What the task requires:
Give back, exactly and with nothing added, the lines that run from the one containing "this 1500×1000 image." to the final line below.

(Stored data entries)

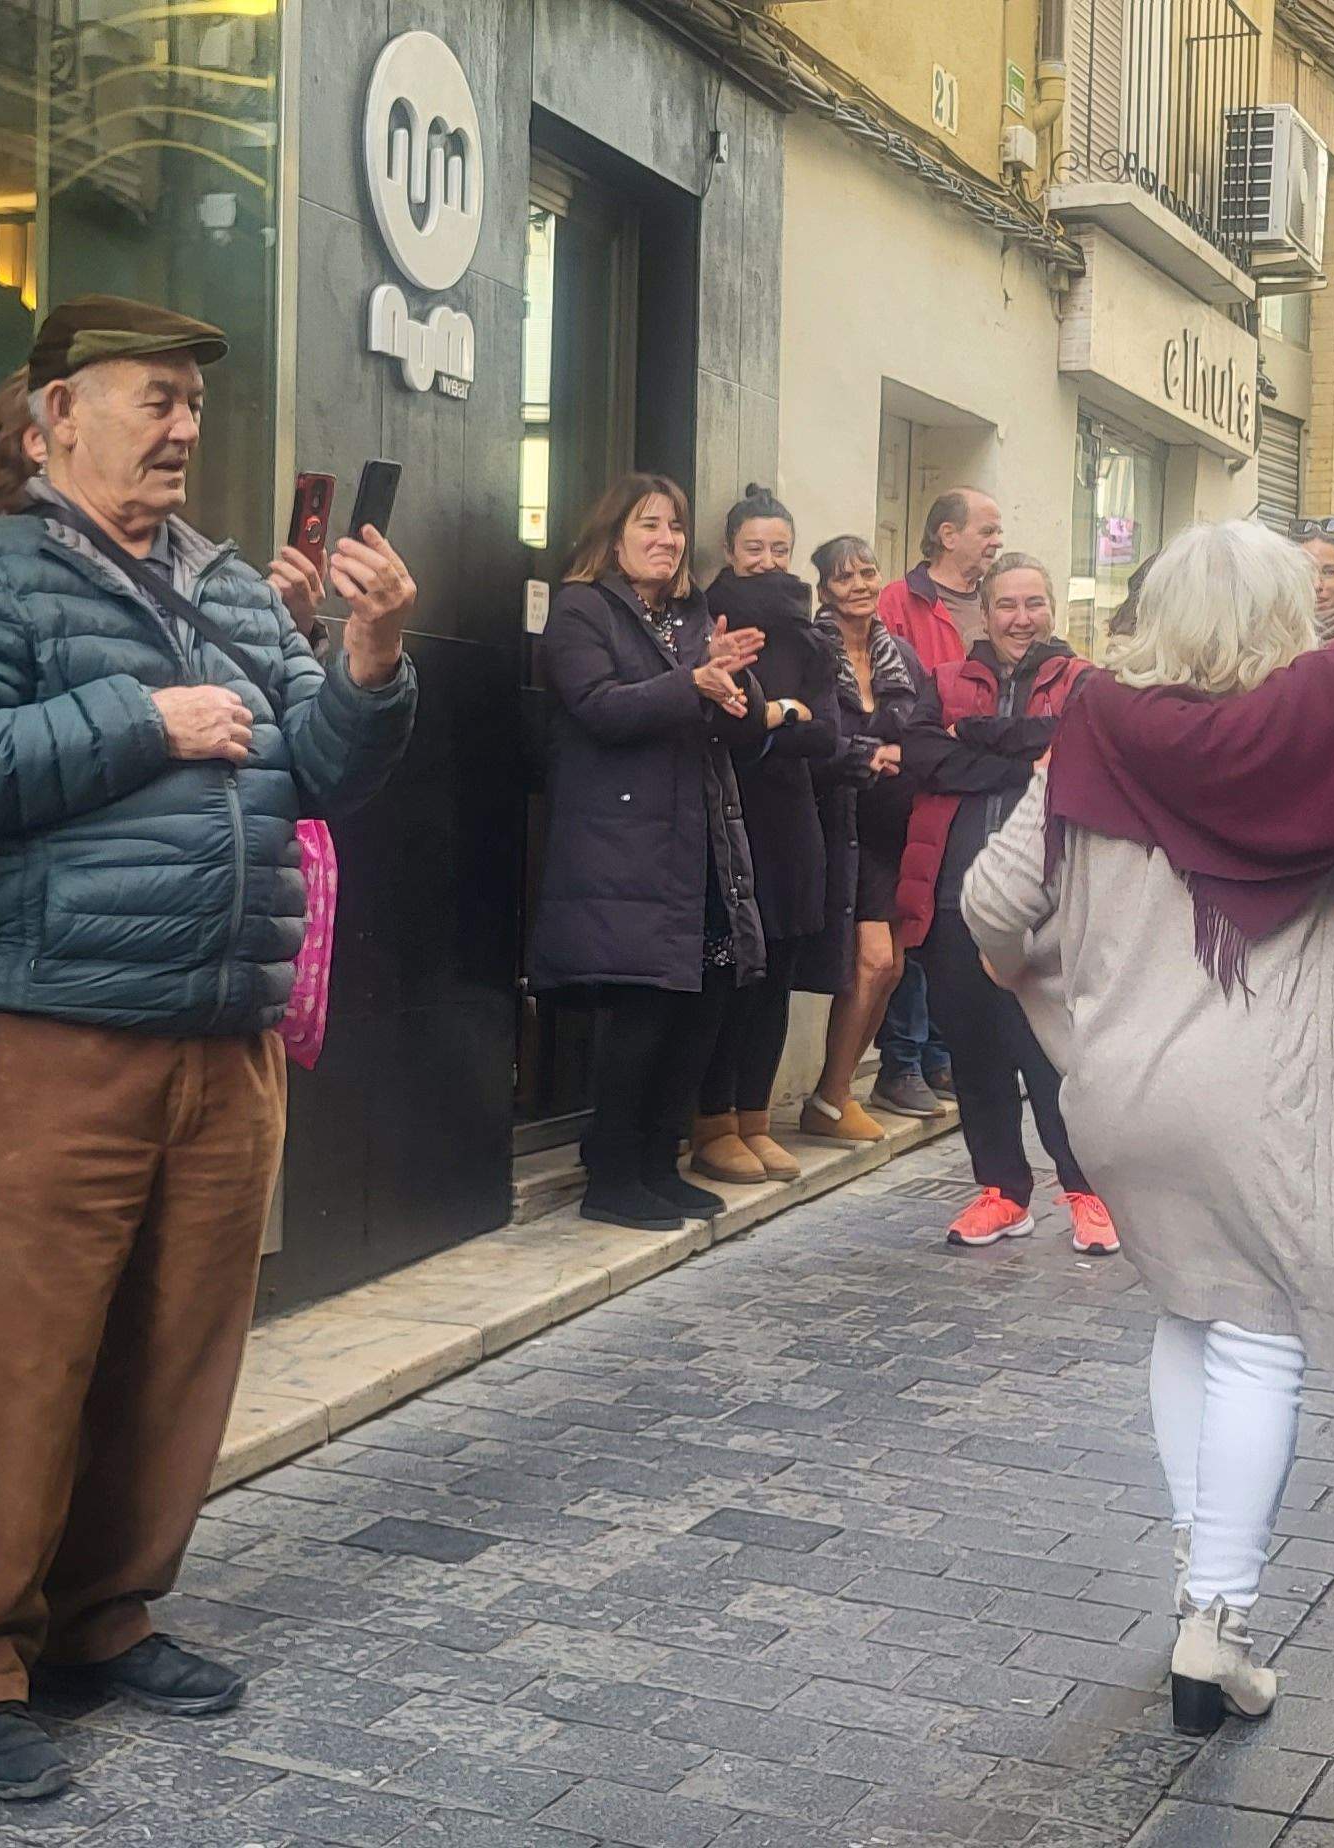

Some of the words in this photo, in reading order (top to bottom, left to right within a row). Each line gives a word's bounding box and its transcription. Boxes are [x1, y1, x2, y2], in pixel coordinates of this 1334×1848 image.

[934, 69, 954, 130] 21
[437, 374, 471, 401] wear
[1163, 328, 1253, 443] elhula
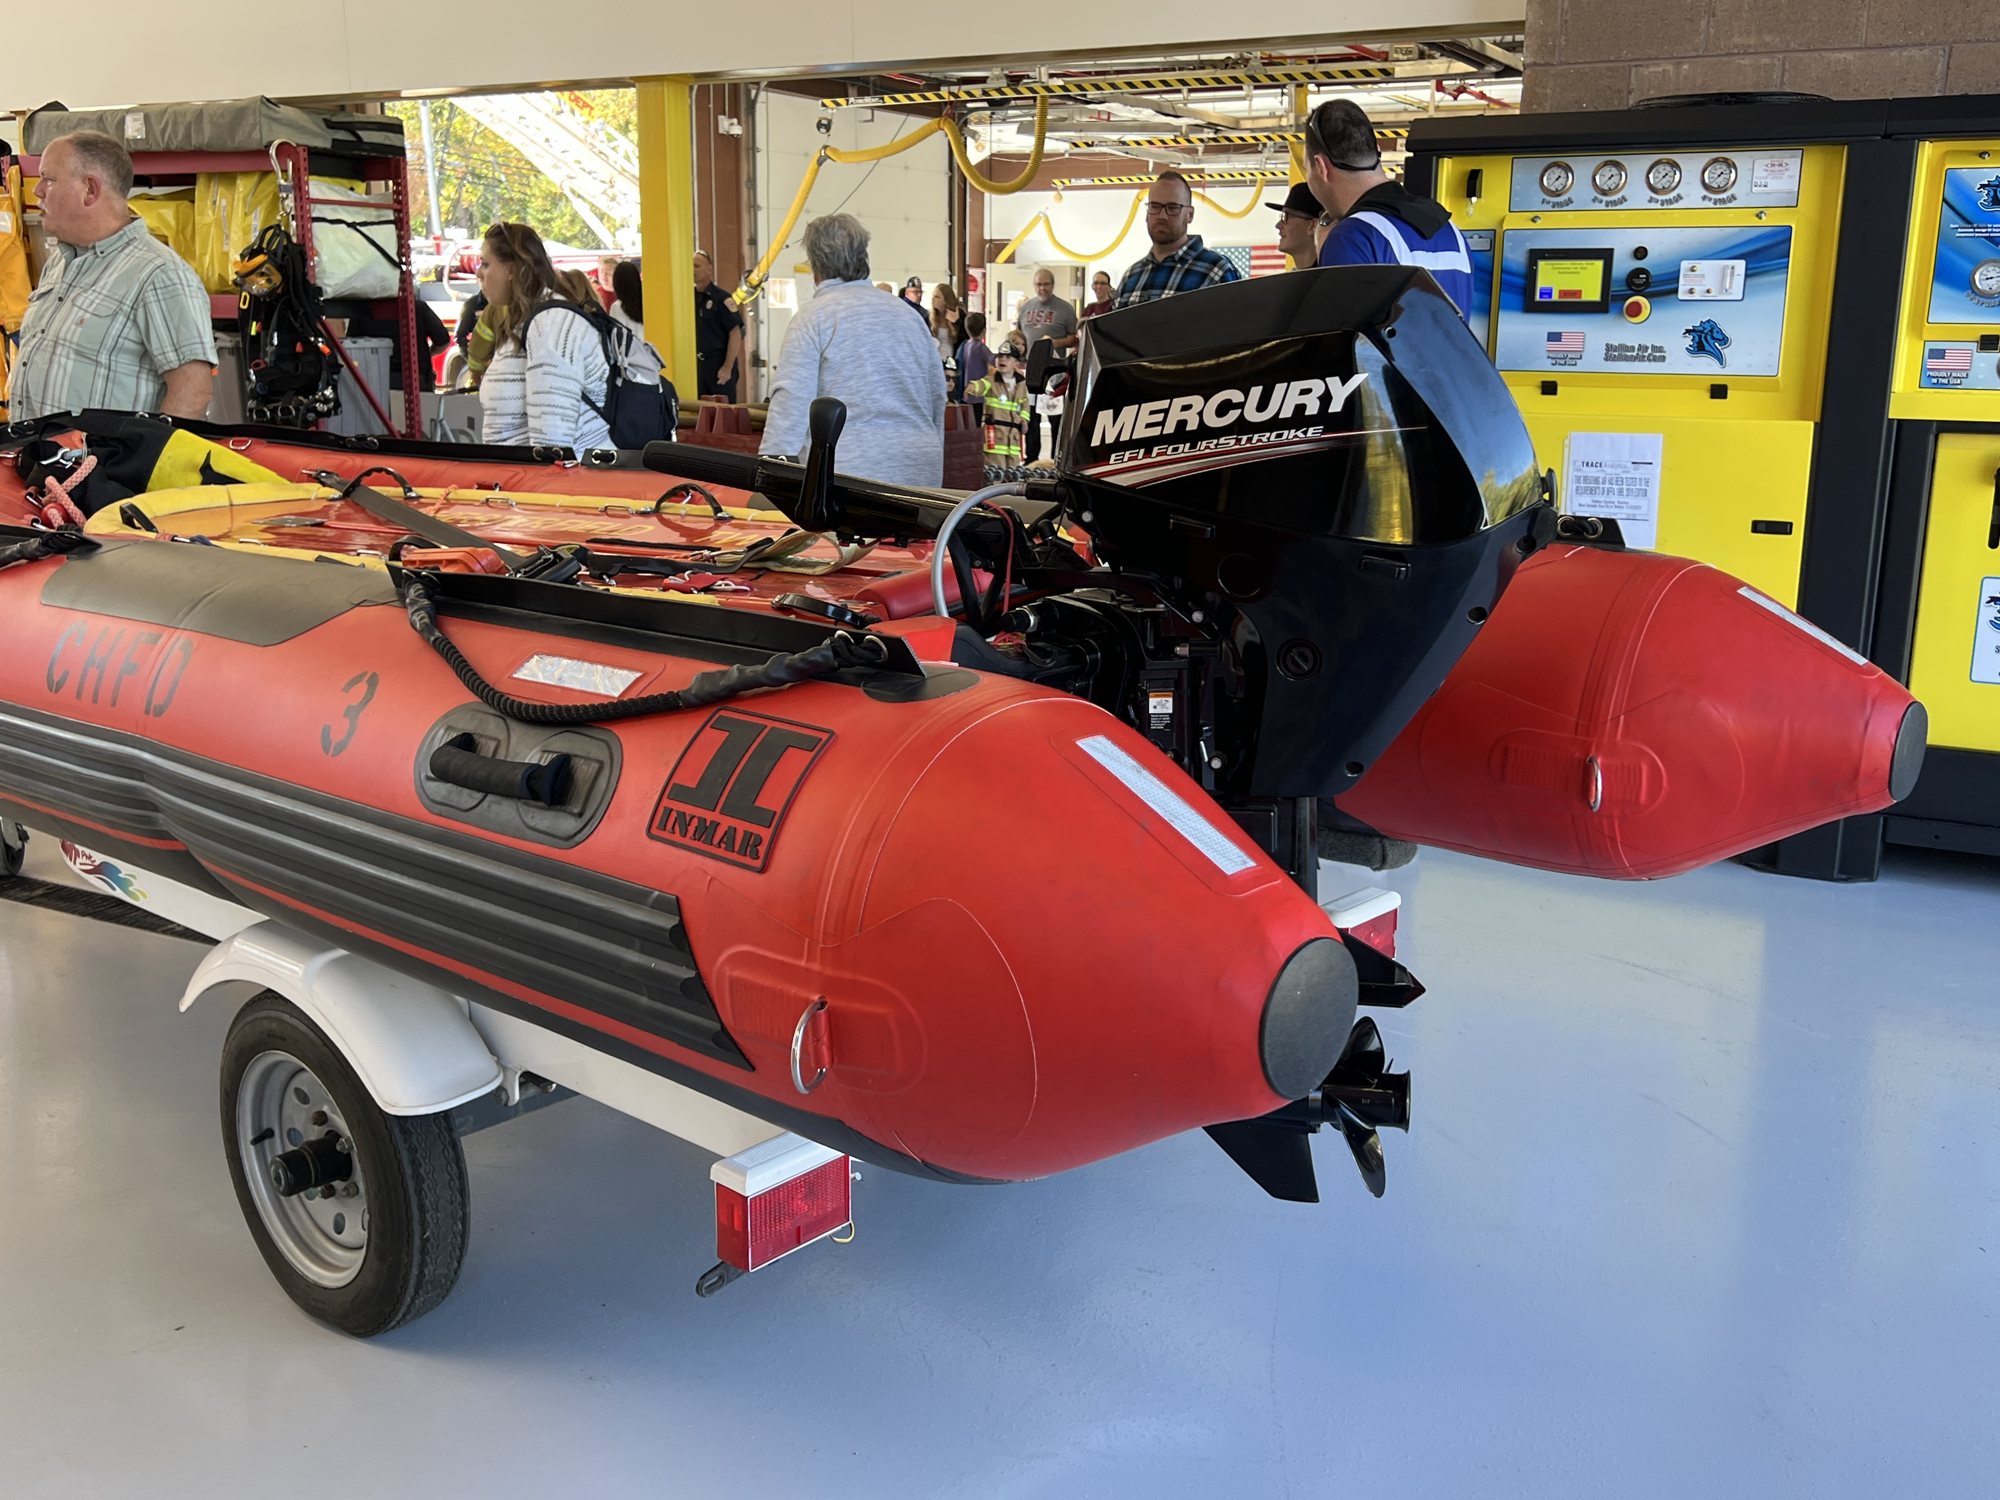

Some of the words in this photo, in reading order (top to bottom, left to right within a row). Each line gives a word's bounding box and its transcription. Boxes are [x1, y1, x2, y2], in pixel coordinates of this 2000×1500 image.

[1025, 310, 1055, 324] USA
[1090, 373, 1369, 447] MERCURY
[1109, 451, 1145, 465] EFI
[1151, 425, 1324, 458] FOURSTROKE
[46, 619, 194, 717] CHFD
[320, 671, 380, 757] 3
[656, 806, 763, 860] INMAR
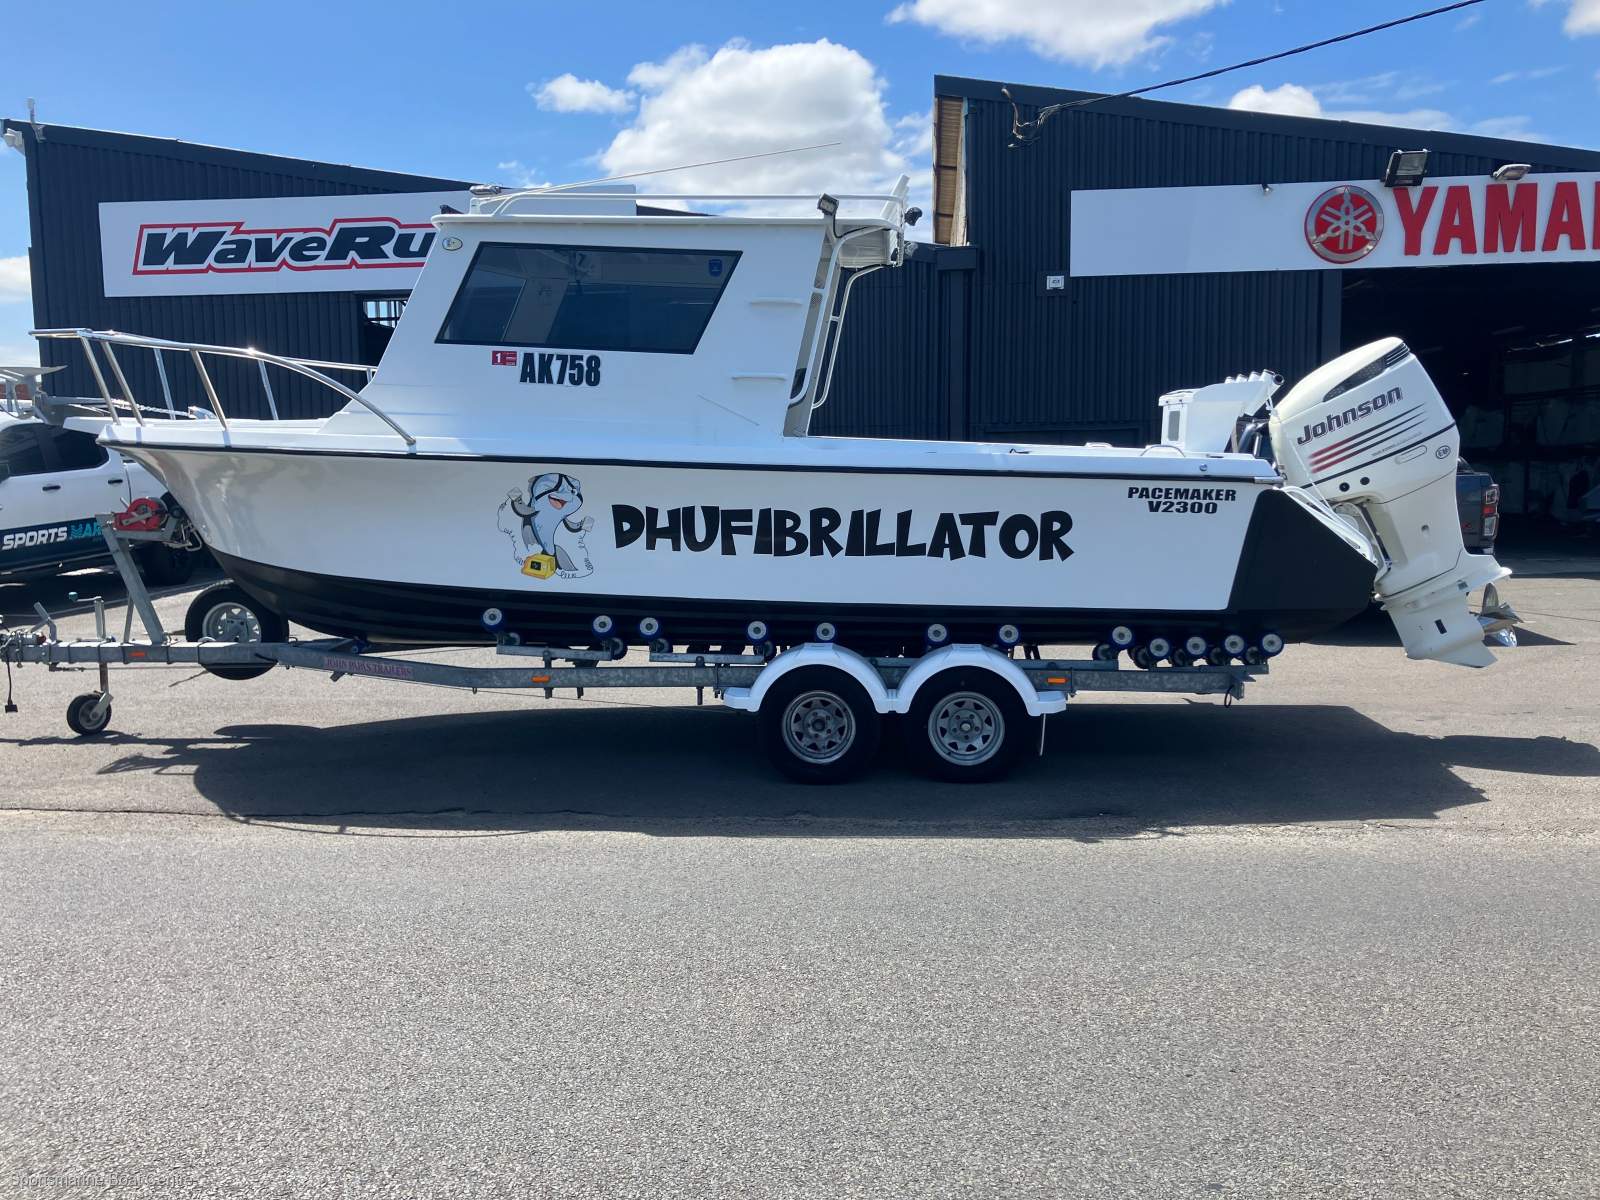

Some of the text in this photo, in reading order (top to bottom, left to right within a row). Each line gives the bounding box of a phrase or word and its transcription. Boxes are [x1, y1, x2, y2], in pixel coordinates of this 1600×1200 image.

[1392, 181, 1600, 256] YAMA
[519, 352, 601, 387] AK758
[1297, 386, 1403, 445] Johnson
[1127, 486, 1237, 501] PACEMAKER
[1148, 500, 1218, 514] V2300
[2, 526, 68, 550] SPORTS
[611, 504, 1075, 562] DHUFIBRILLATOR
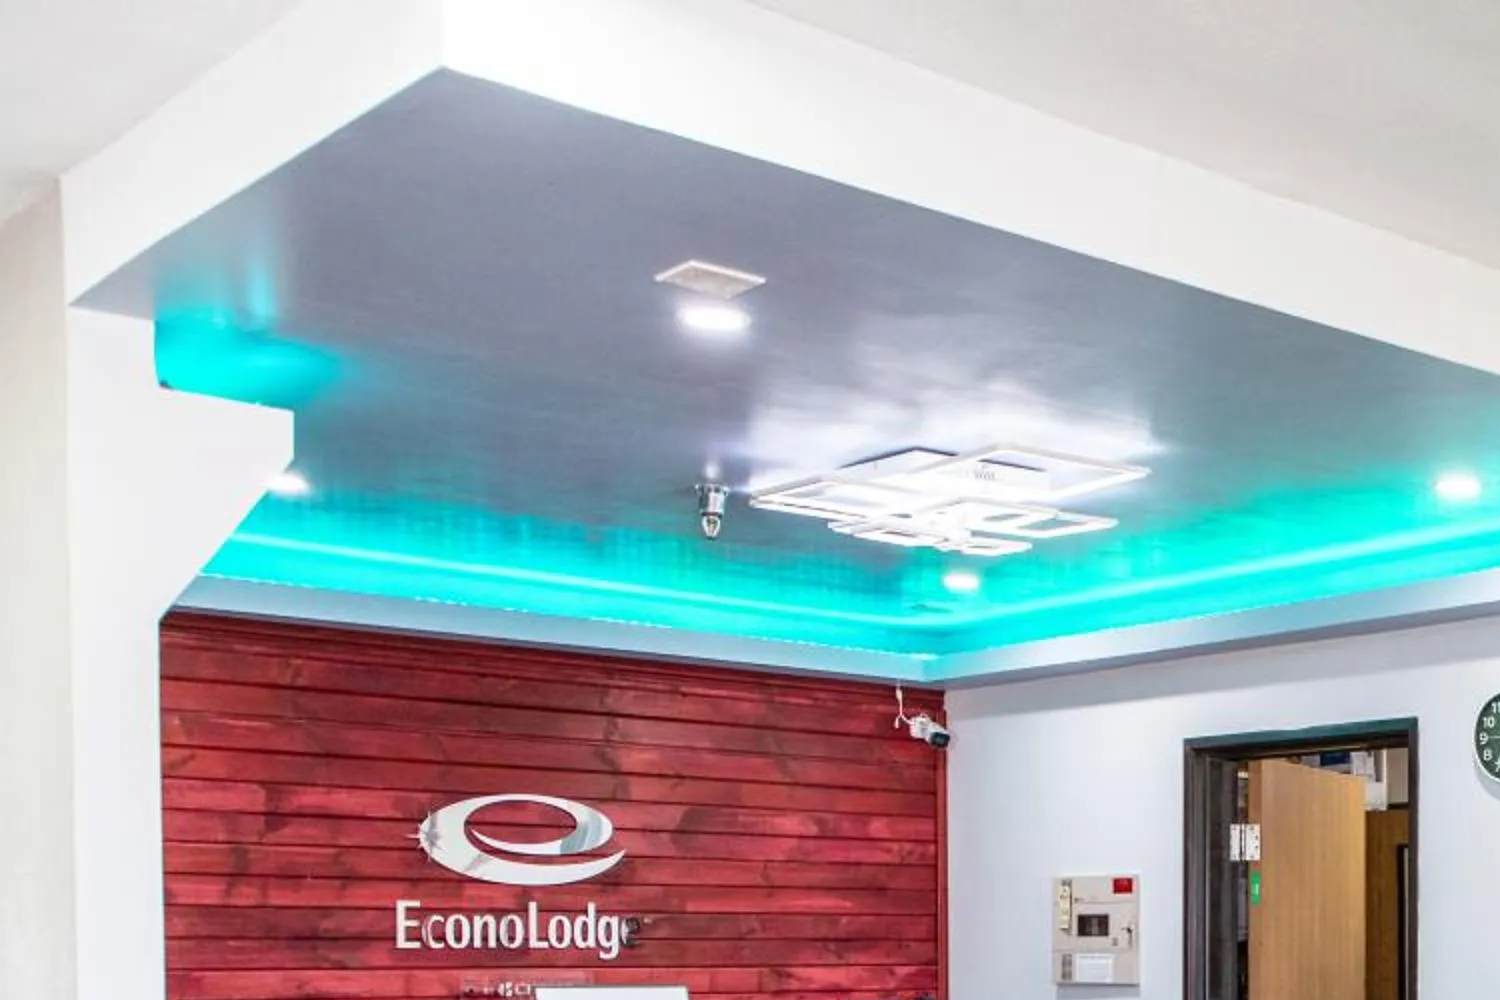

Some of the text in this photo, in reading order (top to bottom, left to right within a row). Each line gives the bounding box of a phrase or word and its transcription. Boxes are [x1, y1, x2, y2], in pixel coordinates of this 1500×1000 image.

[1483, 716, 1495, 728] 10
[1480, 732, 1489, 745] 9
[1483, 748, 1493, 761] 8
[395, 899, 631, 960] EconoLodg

Final answer:
Some of the text in this photo, in reading order (top to bottom, left to right within a row). Each line gives the bounding box of a phrase or word and its transcription. Boxes are [x1, y1, x2, y2], in pixel coordinates of this 1500×1000 image.

[1483, 716, 1495, 728] 10
[1480, 732, 1489, 745] 9
[1483, 748, 1493, 761] 8
[395, 899, 631, 960] EconoLodg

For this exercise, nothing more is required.